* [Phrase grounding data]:
----------------

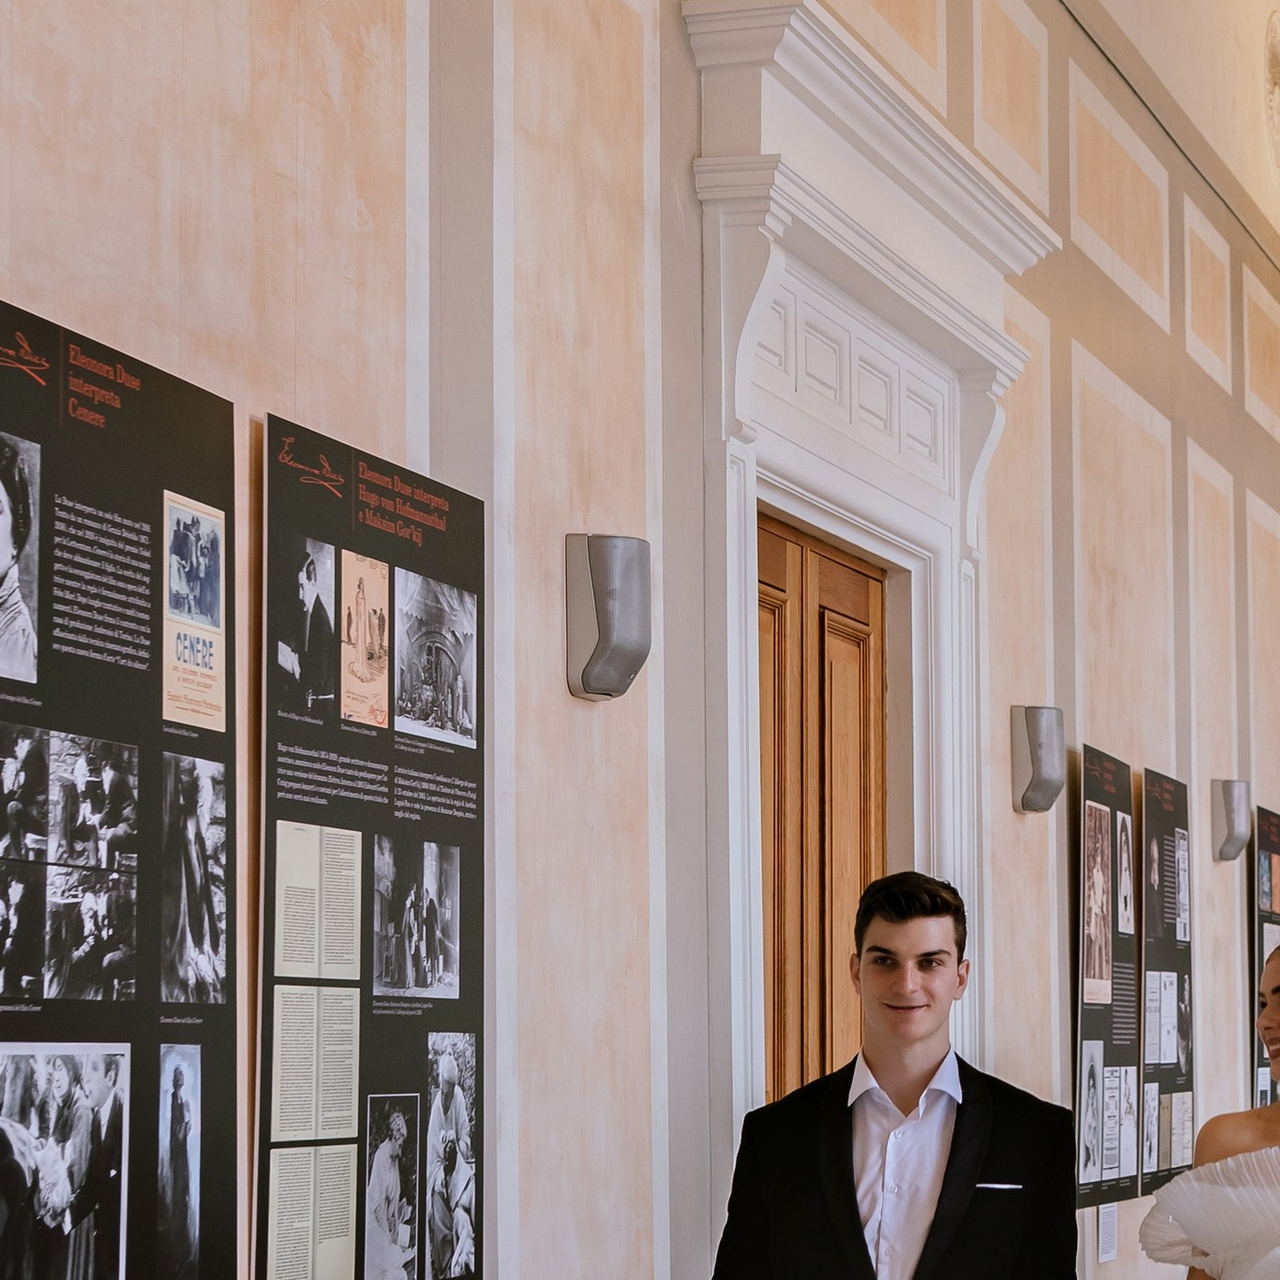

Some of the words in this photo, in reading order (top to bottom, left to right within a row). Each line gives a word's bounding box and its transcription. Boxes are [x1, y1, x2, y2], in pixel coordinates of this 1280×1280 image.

[68, 343, 114, 379] Eleonora
[116, 363, 140, 390] Duse
[68, 370, 121, 408] interpreta
[68, 397, 105, 428] Cenere
[358, 460, 392, 489] Eleonora
[394, 474, 412, 497] Duse
[412, 483, 450, 511] interpreta
[358, 483, 380, 508] Hugo
[381, 495, 395, 512] von
[395, 497, 446, 531] Hofmannsthal
[364, 507, 395, 533] Maksim
[176, 632, 214, 670] CENERE
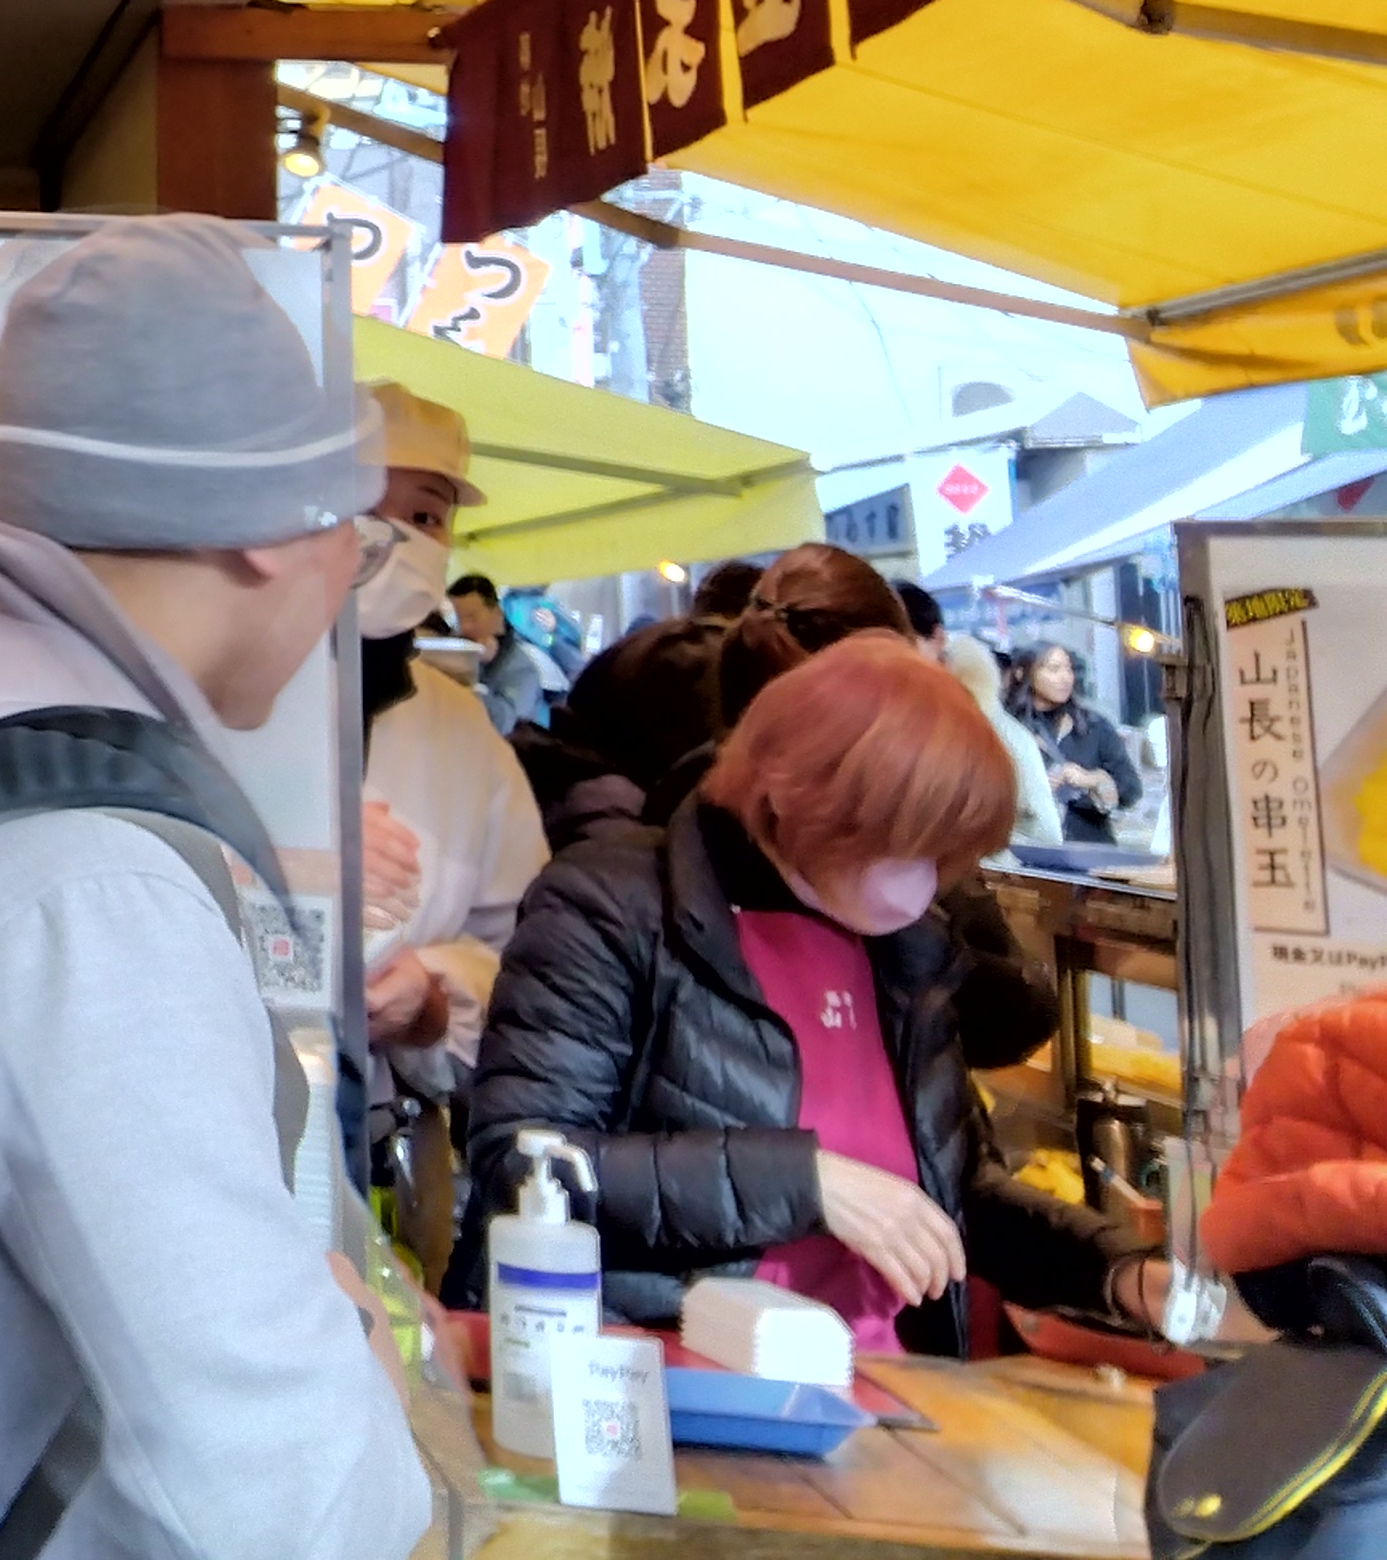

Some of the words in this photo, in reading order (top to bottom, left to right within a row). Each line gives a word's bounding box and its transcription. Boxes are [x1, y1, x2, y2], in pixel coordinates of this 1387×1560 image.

[1239, 650, 1294, 888] 山長の串玉

----------------

* [How to complete this task]:
Copy out the records exactly; the pictures stay behind.

* [Result below]:
Some of the words in this photo, in reading order (top to bottom, left to right within a row). Each line gives a word's bounding box and its transcription. Boxes are [x1, y1, x2, y2], in pixel coordinates of this 1280×1280 image.

[68, 343, 114, 379] Eleonora
[116, 363, 140, 390] Duse
[68, 370, 121, 408] interpreta
[68, 397, 105, 428] Cenere
[358, 460, 392, 489] Eleonora
[394, 474, 412, 497] Duse
[412, 483, 450, 511] interpreta
[358, 483, 380, 508] Hugo
[381, 495, 395, 512] von
[395, 497, 446, 531] Hofmannsthal
[364, 507, 395, 533] Maksim
[176, 632, 214, 670] CENERE

Some of the words in this photo, in reading order (top to bottom, left to right within a row). Each line gives a word's bounding box and its transcription. Boxes are [x1, y1, x2, y2], in pixel coordinates of this 1387×1560 image.

[1239, 650, 1294, 888] 山長の串玉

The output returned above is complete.